On .NET/COM Interoperability

I. Deploying a .NET Application for COM Access

  1. Create a .NET assembly containing a class that will be called by a COM client.
    Keep in mind a special requirement for the .NET code structure:

    • the .NET code should export a signed interface
      public interface INETCode
      // exposed properties and methods

    • In the .NET class, the INETCode interface should be the first interface implemented in the class declaration:

      public class NETCode : System.Windows.Forms.UserControl, INETCode
      // implementation exposed methods for properties getter/setters.

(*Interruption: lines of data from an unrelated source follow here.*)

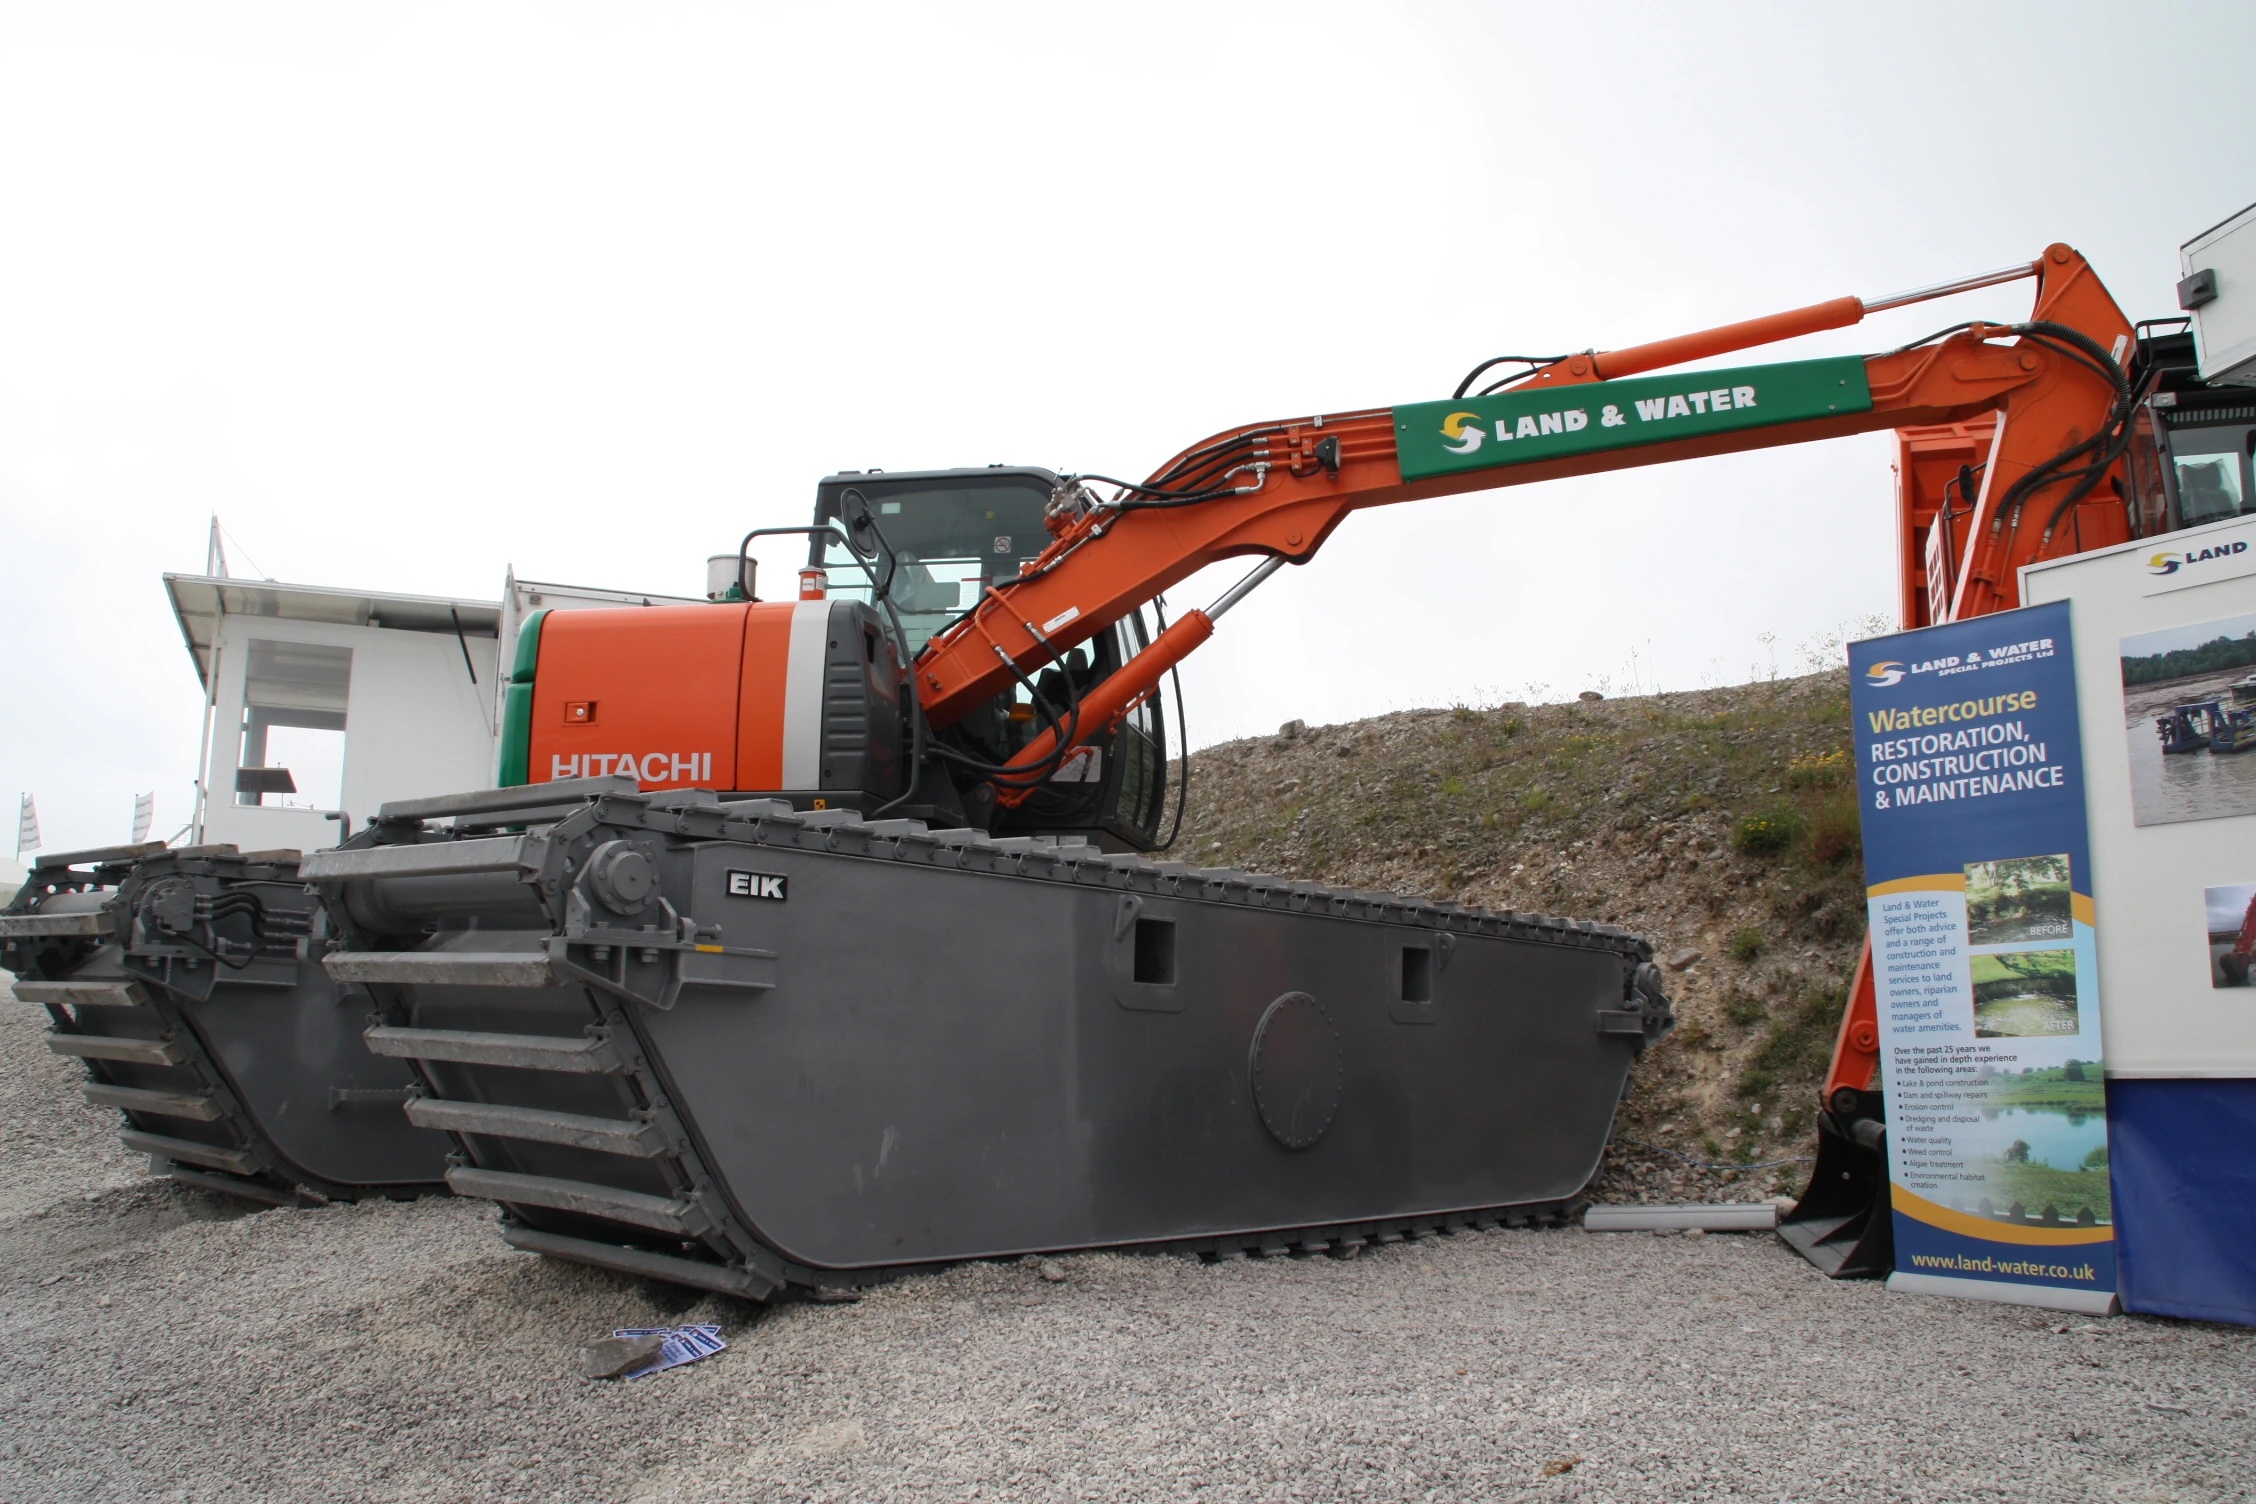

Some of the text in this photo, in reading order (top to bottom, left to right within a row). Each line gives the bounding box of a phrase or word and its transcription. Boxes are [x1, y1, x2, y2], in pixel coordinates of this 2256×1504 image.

[1496, 386, 1757, 442] LAND & WATER
[2185, 541, 2248, 564] LAND
[1911, 638, 2053, 674] LAND & WATER
[1938, 650, 2054, 677] SPECIAL PROJECTS Ltd
[1868, 690, 2037, 734] Watercourse
[1871, 720, 2031, 763] RESTORATION,
[552, 752, 711, 783] HITACHI
[1873, 743, 2046, 786] CONSTRUCTION
[1875, 766, 2064, 810] & MAINTENANCE
[729, 872, 784, 899] EIK
[1882, 900, 1939, 912] Land & Water
[1884, 911, 1947, 925] Special Projects
[1884, 922, 1956, 936] offer both advice
[2030, 924, 2068, 936] BEFORE
[1886, 938, 1900, 948] and
[1910, 938, 1934, 948] range
[1937, 934, 1947, 944] of
[1886, 947, 1956, 960] construction and
[1888, 962, 1940, 972] maintenance
[1888, 976, 1919, 984] services
[1933, 972, 1952, 982] land
[1890, 985, 1958, 997] owners, riparian
[1890, 998, 1938, 1009] owners and
[1892, 1010, 1942, 1022] managers of
[1892, 1022, 1962, 1033] water amenities.
[2043, 1020, 2074, 1031] AFTER
[1894, 1047, 1911, 1055] Over
[1926, 1046, 1942, 1056] past
[1944, 1046, 1954, 1054] 25
[1956, 1046, 1976, 1057] years
[1894, 1054, 2018, 1066] have gained in depth experience
[1904, 1066, 1916, 1074] the
[1918, 1065, 1953, 1076] following
[1926, 1080, 1944, 1088] pond
[1946, 1078, 1988, 1087] construction
[1934, 1090, 1962, 1100] spillway
[1964, 1091, 1988, 1100] repairs
[1930, 1103, 1954, 1111] control
[1906, 1115, 1936, 1124] Dredging
[1952, 1115, 1980, 1124] disposal
[1928, 1137, 1952, 1146] quality
[1909, 1160, 1964, 1168] Algae treatment
[1910, 1172, 1958, 1180] Environmental
[1912, 1254, 2096, 1281] www.land-water.co.uk

  2. Create a key pair and use it to sign the assembly to make the assembly globally available.
    To make it easier to work with the assembly one can add a title and description.
    To sign the assembly, one can run the sn utility and add the name of the key file by hand,
    or you can generate a strong name using the Visual Studio .NET user interface
    by edditing the <assembly-nameInfo>.vb file.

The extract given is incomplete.